The Roma genocide or Roma Holocaust, also known as the Porajmos (“Fragmentation”, “Destruction”), was the planned and attempted effort, often described as a genocide, during World War II the government of Nazi Germany and its allies to exterminate the Roma (Gypsy) people of Europe. Historians estimate that 220,000 to 500,000 Roma were killed by the Nazis and their collaborators, or more than 25% of the slightly fewer than 1 million Roma in Europe at the time.
The 2nd of August is the international memorial day of the victims of Roma Holocaust. In 1944 on this day 3000 Roma people were killed in one single night.
The Roma Holocaust was a common tragedy for Hungary and Europe and “we will not forget the victims; we will not neglect the tasks ahead,” Human Resources Minister Zoltán Balog said, marking Roma Holocaust Memorial Day and the anniversary of the murders of Roma in Kisléta, in eastern Hungary. Hungary’s government condemns all forms of violence and hatred that collectively mark people or groups of people because of their race, Balog said, adding that remembrance is necessary to make sure that the terrible events of the past can never happen again. The tragedy can be overcome by remembering and sincerely facing up to the facts, he added. “We are making efforts in Europe to ensure that the challenges of migration from the outside do not overshadow the issue of the poor and those falling behind in Europe,” the minister added.

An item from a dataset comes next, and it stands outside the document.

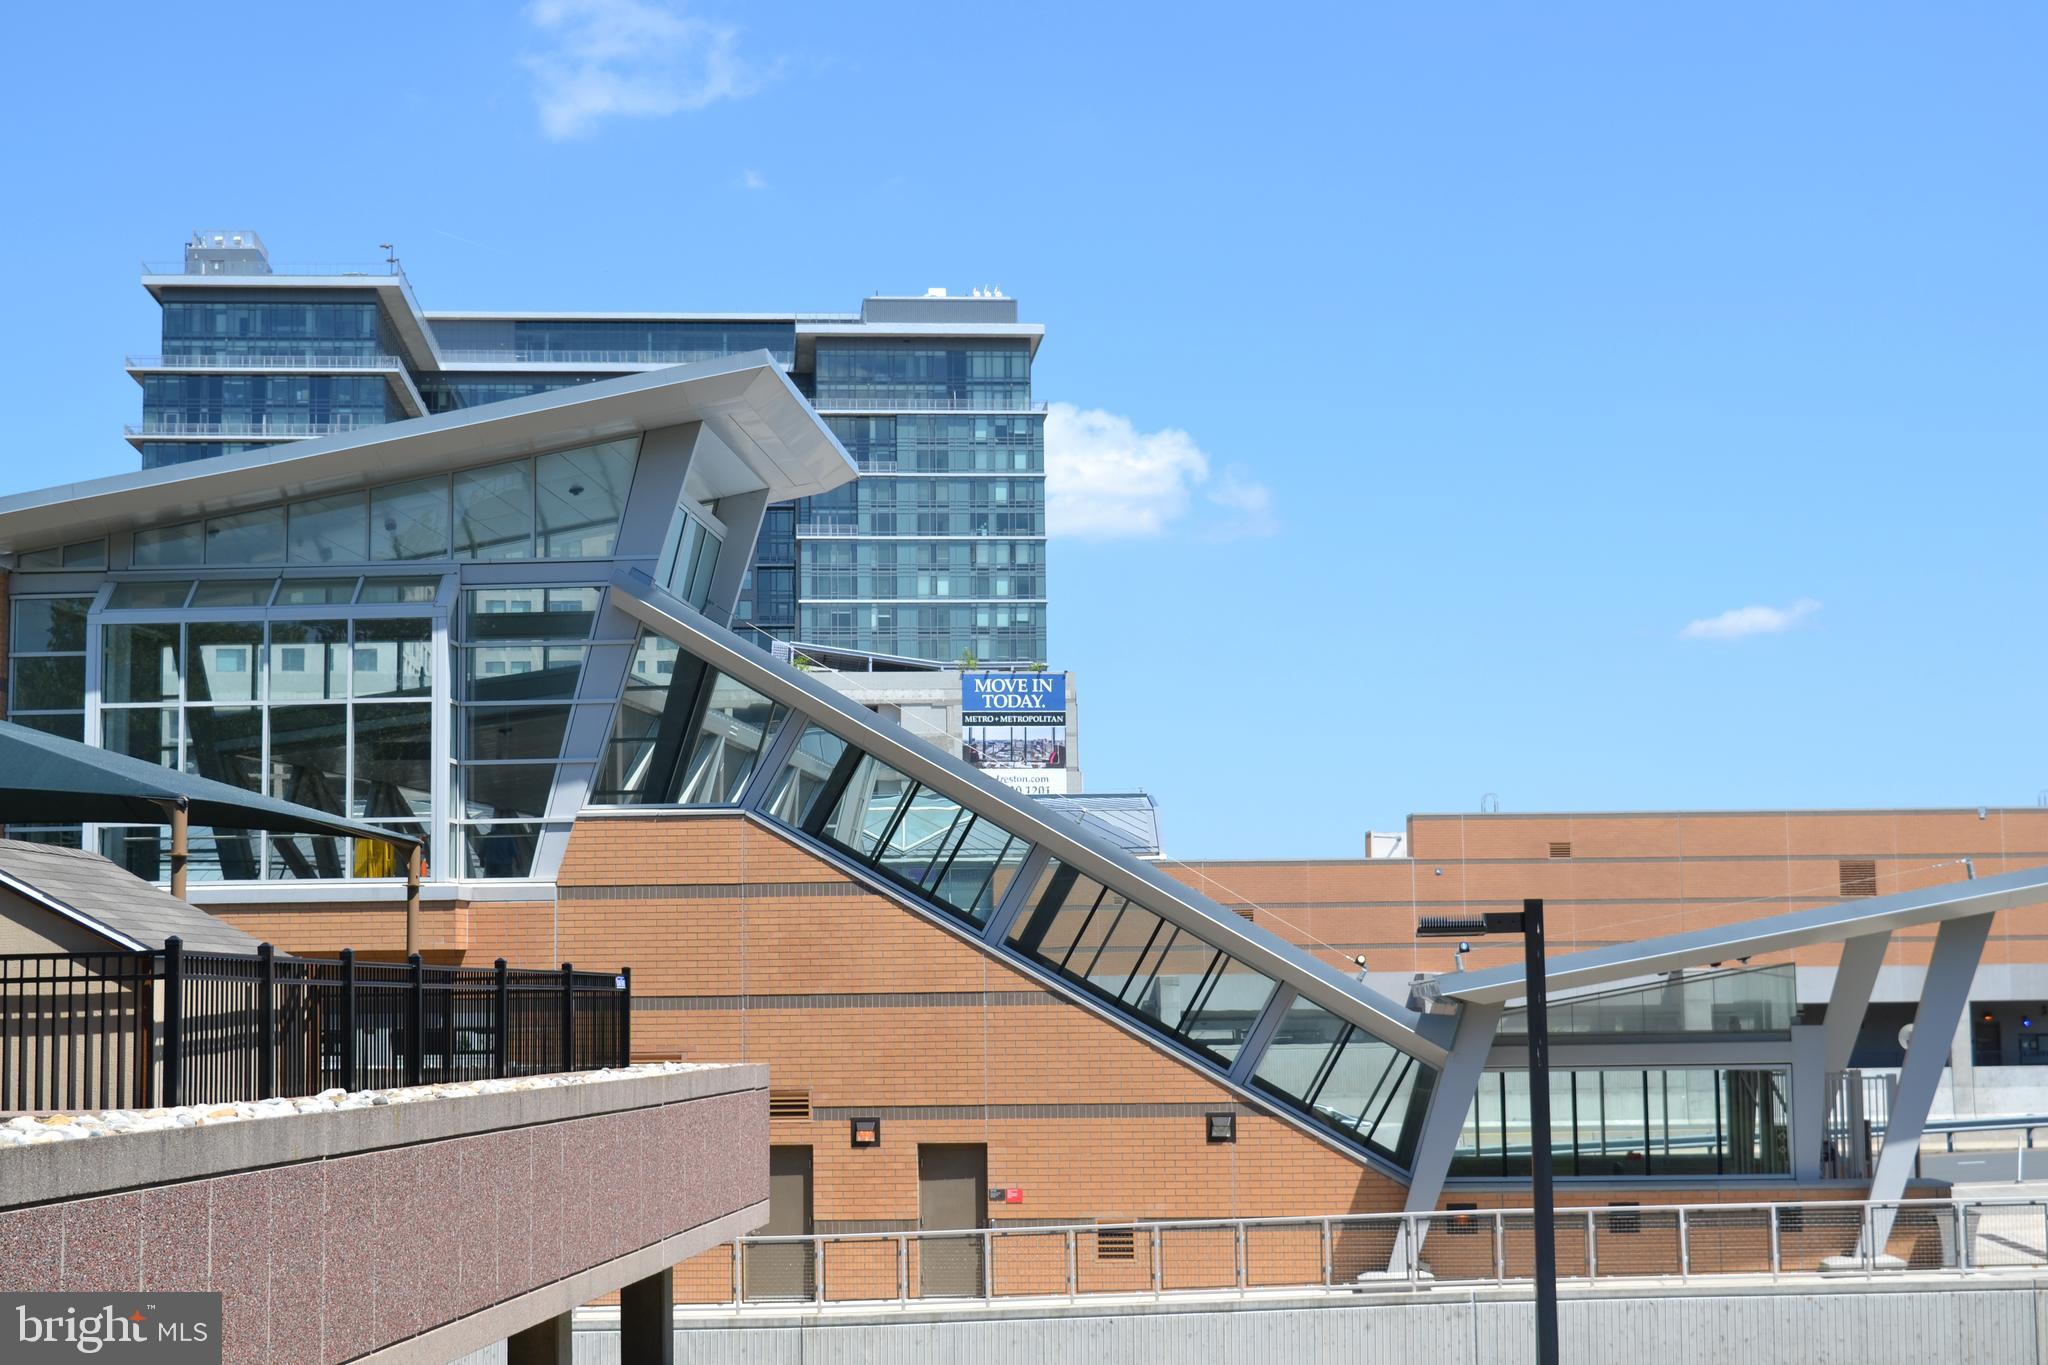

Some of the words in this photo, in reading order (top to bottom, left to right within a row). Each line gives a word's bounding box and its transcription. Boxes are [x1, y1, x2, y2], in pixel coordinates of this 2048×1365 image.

The National Roma Self-Government (ORÖ) held its own commemoration of the Roma Holocaust at the ORÖ headquarters. János Balogh, the organisation’s president, said: “we owe it not only to the victims but to ourselves to remember”.
There is a need to remind future generations of the dictatorships of the 20th century and commemorate the victims of the Holocaust era, as well as those who saved lives, an official said at commemorations of the Roma Holocaust. “Efforts must be made to create a culture of remembrance which aims at commemorating all victims of 20th-century dictatorships and the Holocaust era while showcasing those who assisted and showed solidarity with the victims,” Csaba Latorcai, deputy secretary in charge of social affairs, said at the Centre for Roma History, Culture, Education and the Roma Holocaust in Budapest. The “visible wounds” caused by World War II and the Nazi era should be healed jointly, he added.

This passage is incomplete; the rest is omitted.